Provided material section start

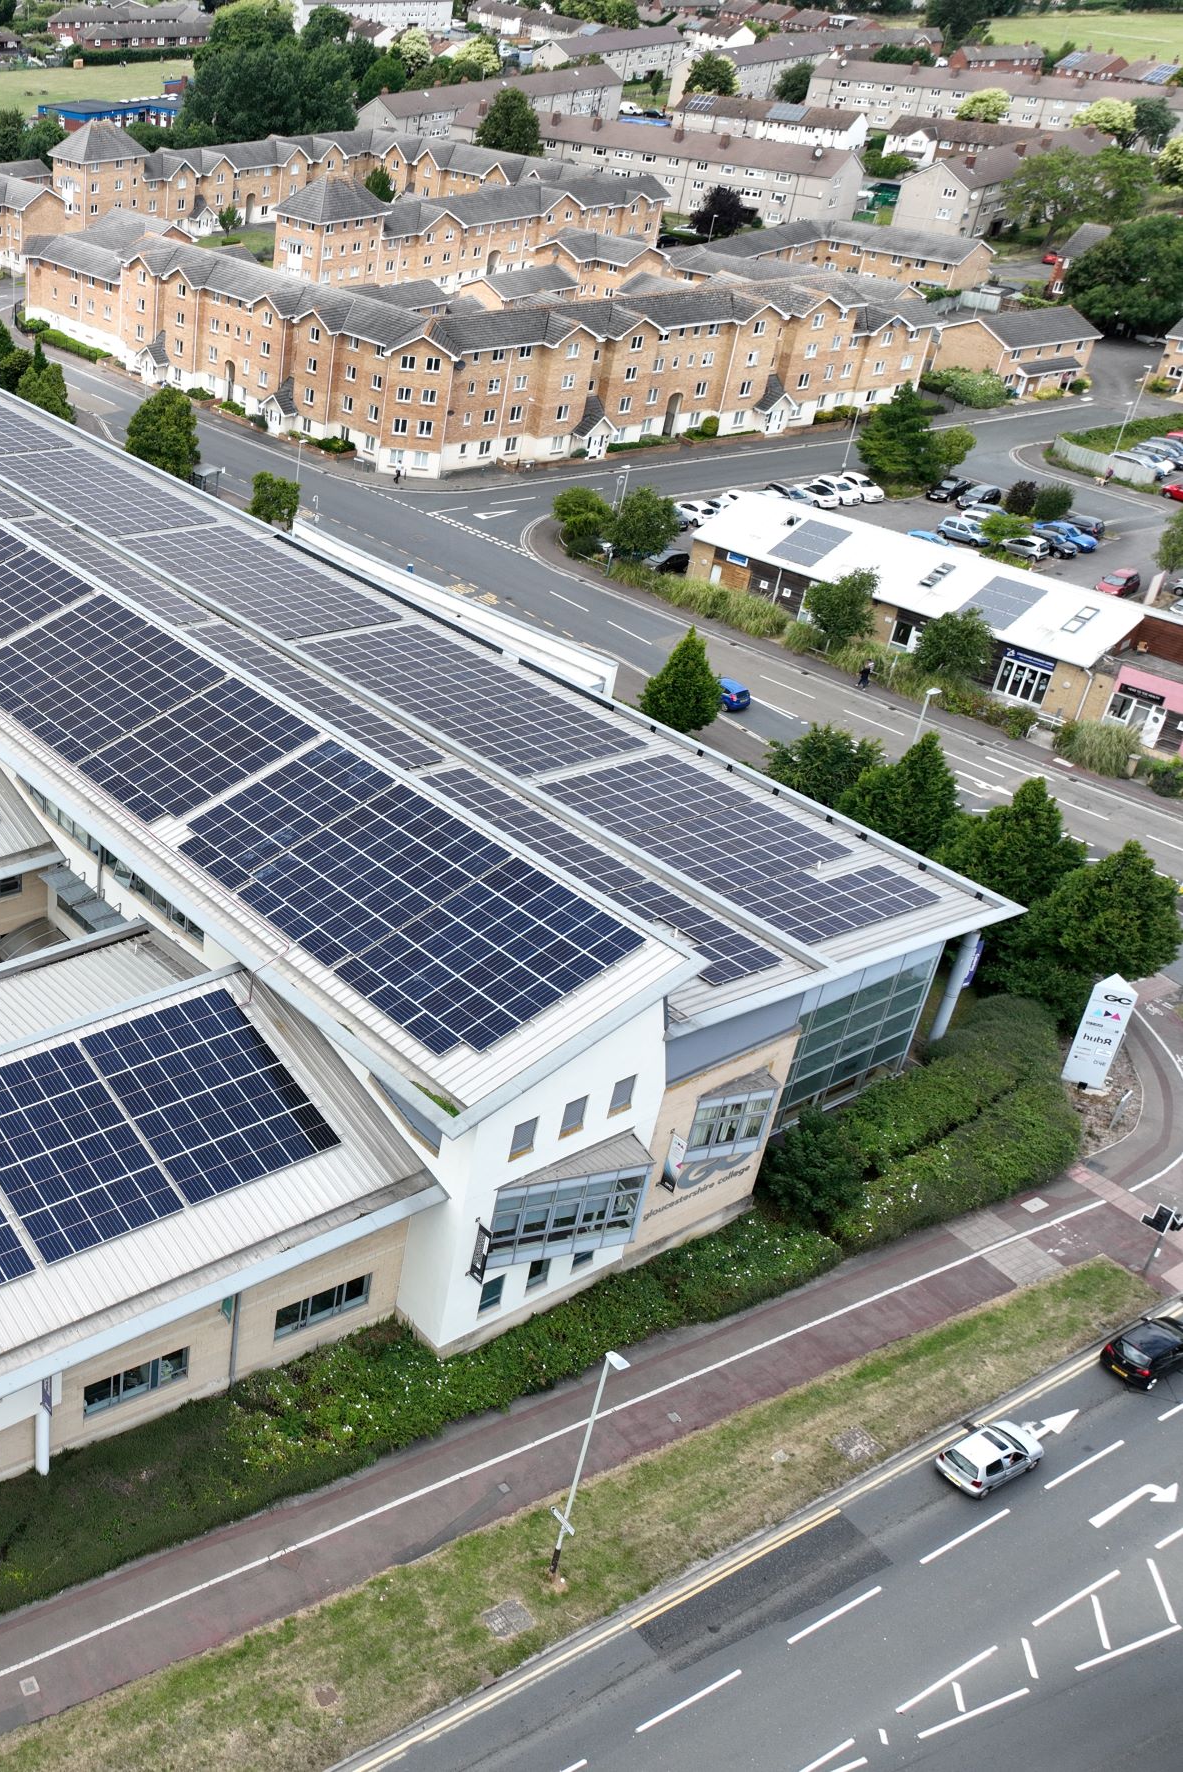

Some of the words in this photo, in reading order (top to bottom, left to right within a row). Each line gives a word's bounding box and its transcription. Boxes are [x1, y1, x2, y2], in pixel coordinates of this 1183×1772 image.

[1104, 994, 1132, 1005] GC
[643, 1182, 714, 1222] gloucestershire
[717, 1165, 751, 1184] college
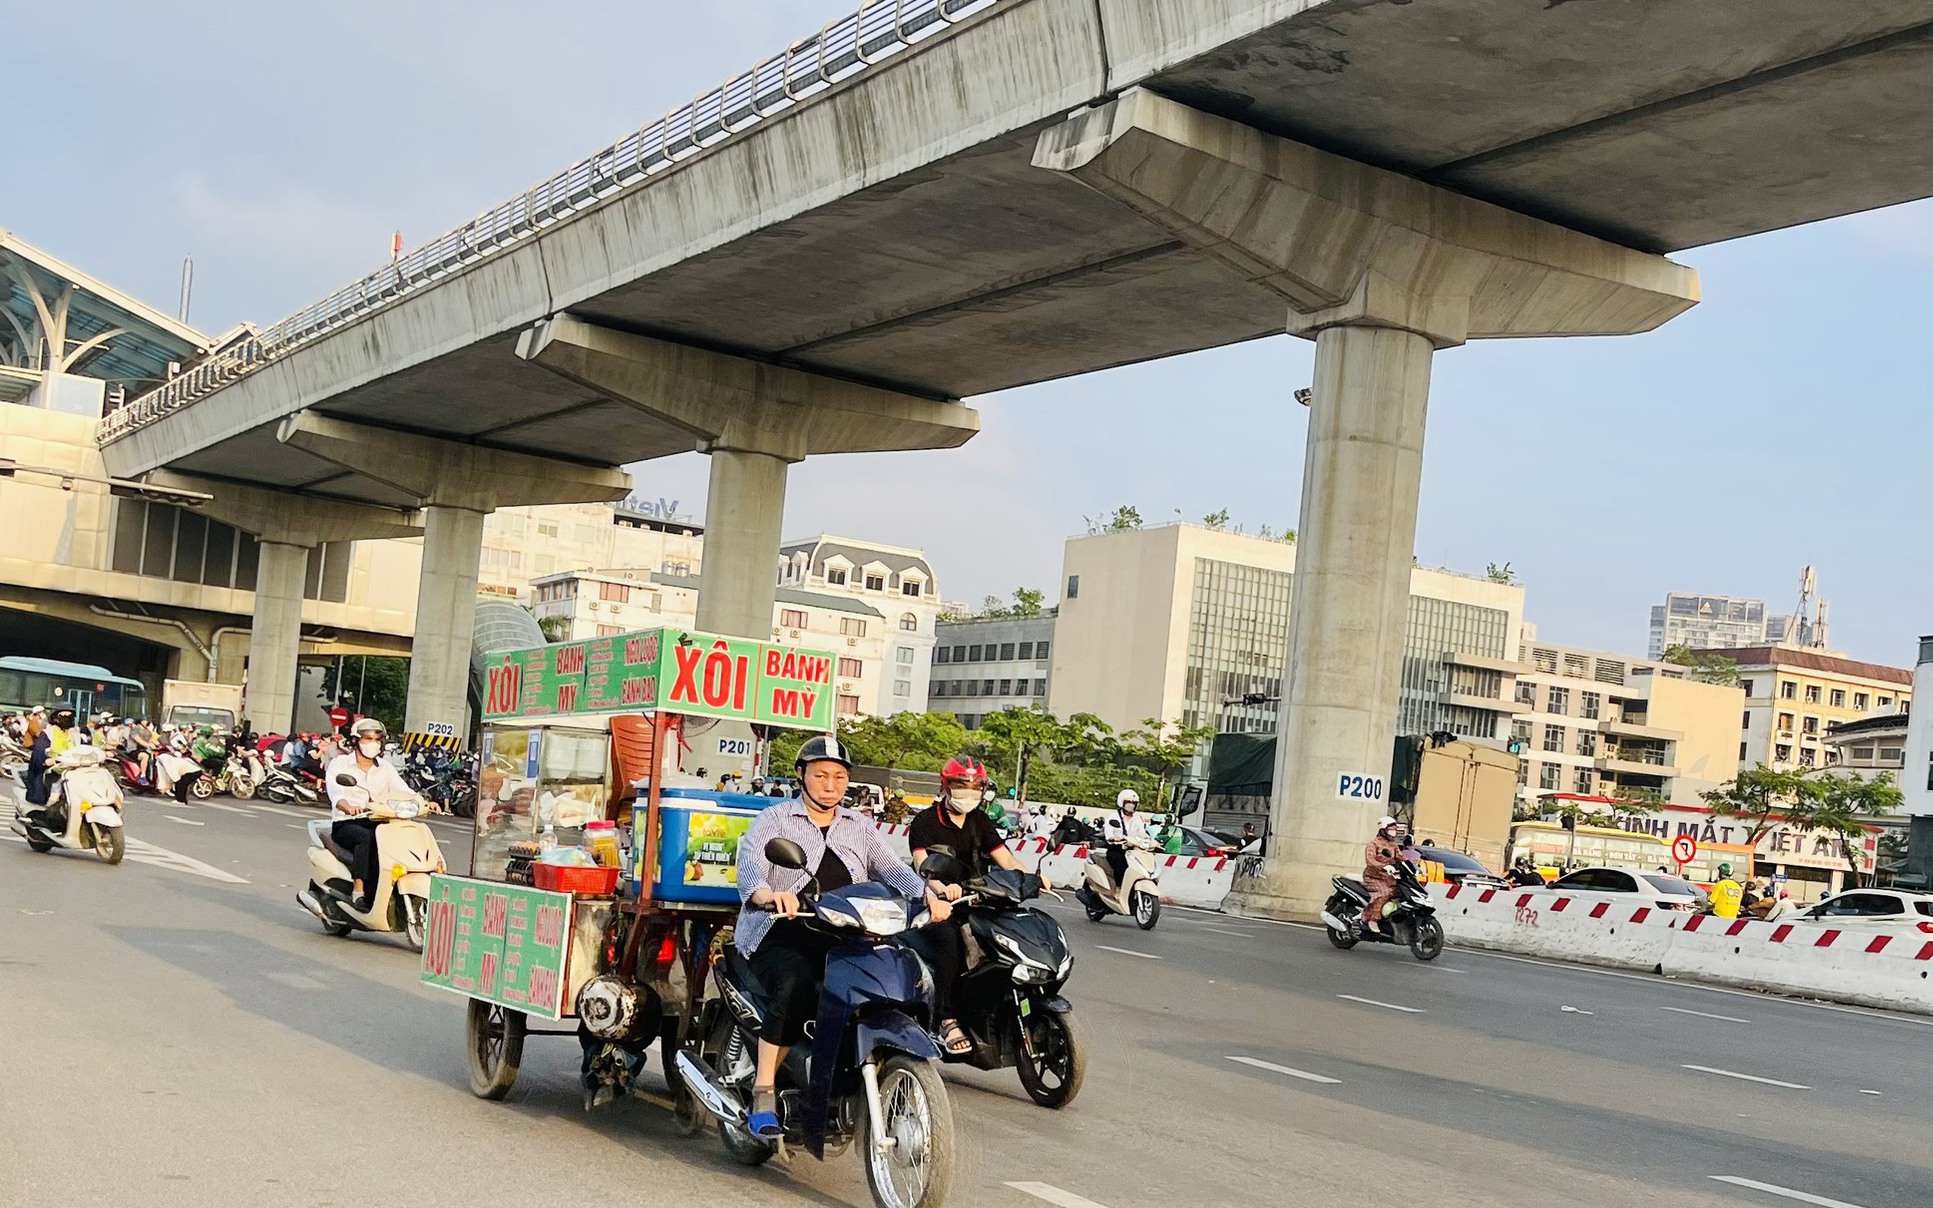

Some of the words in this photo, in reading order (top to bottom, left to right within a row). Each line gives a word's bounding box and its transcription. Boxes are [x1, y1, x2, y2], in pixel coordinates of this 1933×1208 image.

[669, 640, 749, 711] XÔI
[766, 648, 831, 684] BÁNH
[486, 655, 519, 714] XÔI
[428, 723, 453, 735] P202
[719, 739, 750, 755] P201
[1339, 775, 1382, 800] P200
[1677, 815, 1734, 844] MẮT
[1725, 884, 1740, 898] be
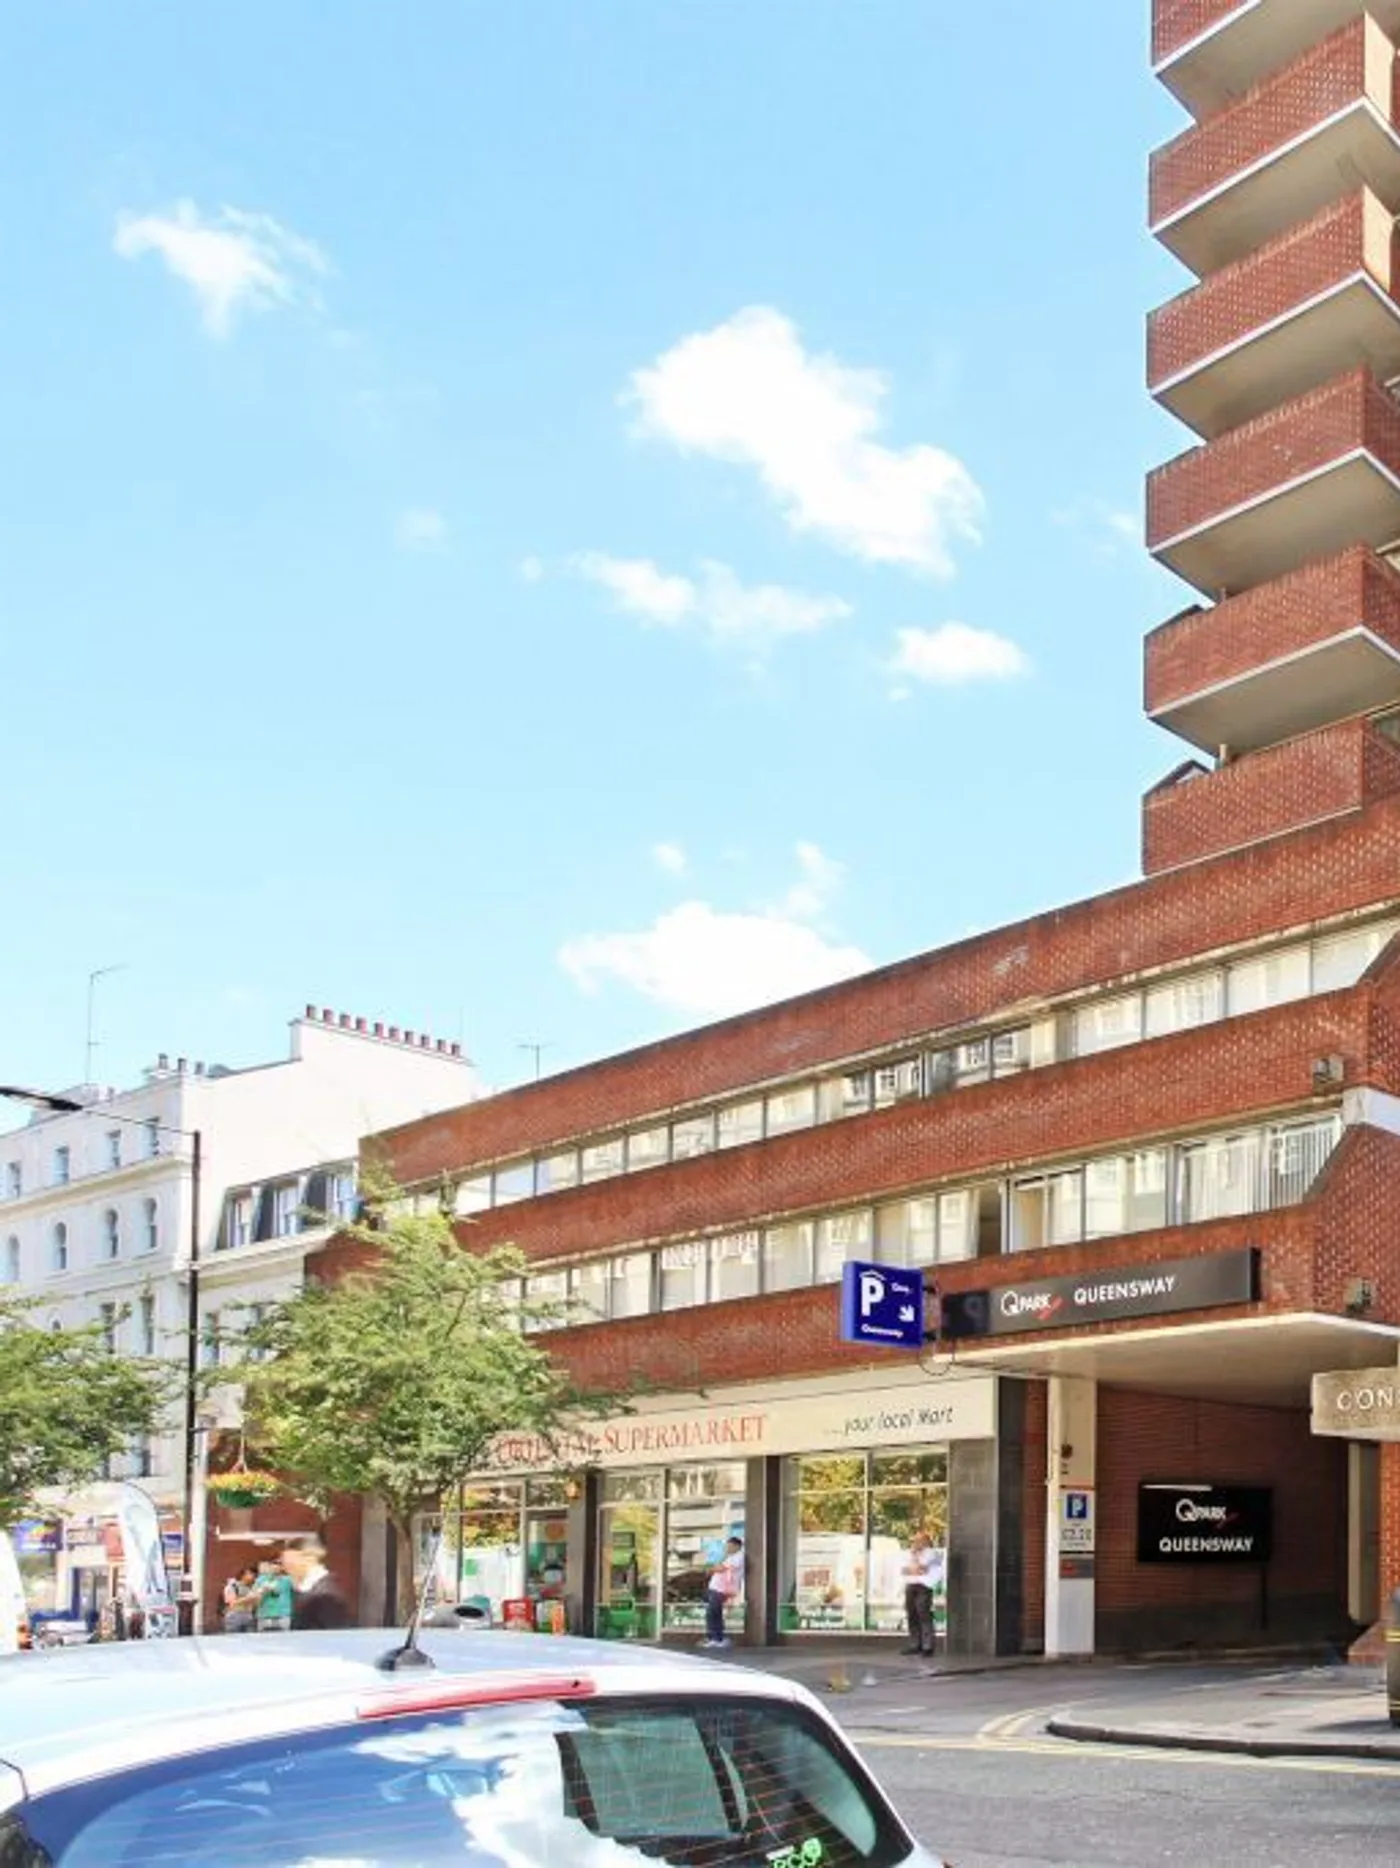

Provided material section end

Activity -> Exclude the images, then output the data above word for word.

Answer ->
Some of the words in this photo, in reading order (top to bottom, left to right within a row). Each line gives a word's bounding box and its transcription. Boxes are [x1, y1, x2, y2], in pixel coordinates of this 1183×1772 image.

[1104, 994, 1132, 1005] GC
[643, 1182, 714, 1222] gloucestershire
[717, 1165, 751, 1184] college

Some of the words in this photo, in reading order (top to bottom, left to right within a row). Each line gives a word's bounding box and its transcription. Boxes are [x1, y1, x2, y2], in pixel coordinates of this 1933×1208 image.

[669, 640, 749, 711] XÔI
[766, 648, 831, 684] BÁNH
[486, 655, 519, 714] XÔI
[428, 723, 453, 735] P202
[719, 739, 750, 755] P201
[1339, 775, 1382, 800] P200
[1677, 815, 1734, 844] MẮT
[1725, 884, 1740, 898] be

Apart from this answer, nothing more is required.